## [What the exercise asks]
Return each line of the data below verbatim; pictures are to be left out.

Stored entries:
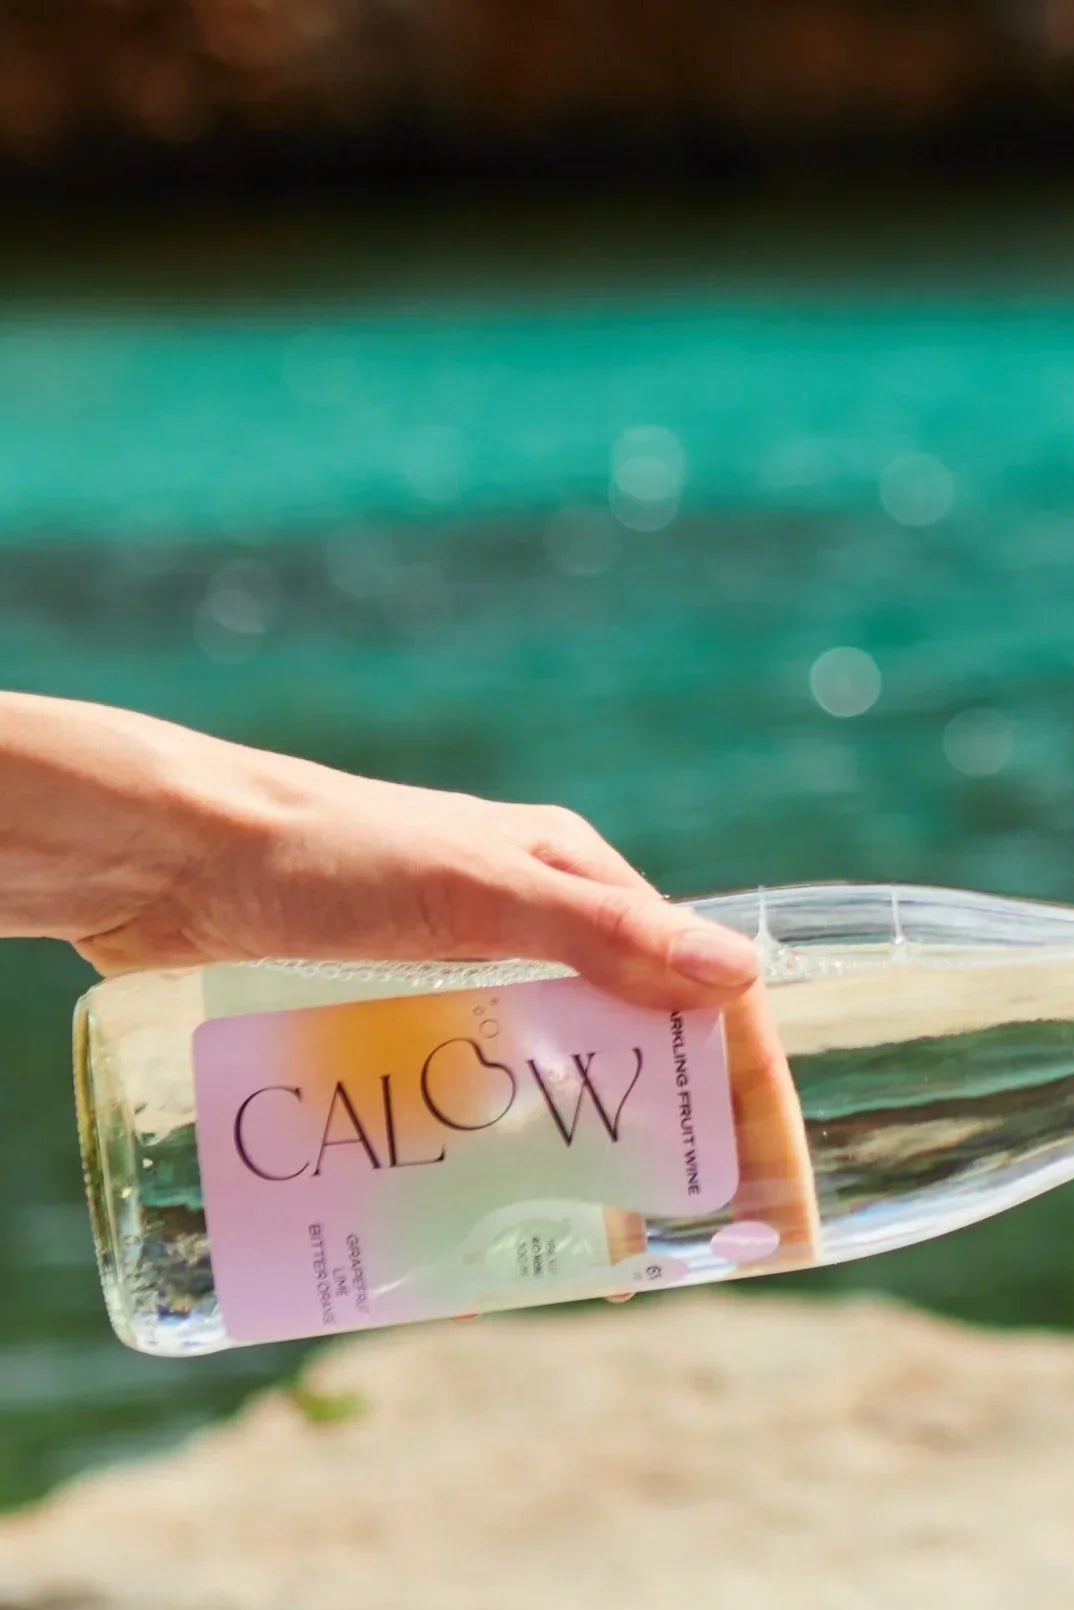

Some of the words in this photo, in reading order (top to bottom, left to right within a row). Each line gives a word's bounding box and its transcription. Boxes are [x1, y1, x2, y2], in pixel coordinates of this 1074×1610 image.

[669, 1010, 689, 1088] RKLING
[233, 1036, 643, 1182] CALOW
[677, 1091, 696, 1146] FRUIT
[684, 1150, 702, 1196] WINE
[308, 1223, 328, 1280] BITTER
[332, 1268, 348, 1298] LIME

## [Exercise result]
Some of the words in this photo, in reading order (top to bottom, left to right within a row). Each line gives a word's bounding box and its transcription. Boxes are [x1, y1, x2, y2], in pixel coordinates of this 1074×1610 image.

[669, 1010, 689, 1088] RKLING
[233, 1036, 643, 1182] CALOW
[677, 1091, 696, 1146] FRUIT
[684, 1150, 702, 1196] WINE
[308, 1223, 328, 1280] BITTER
[332, 1268, 348, 1298] LIME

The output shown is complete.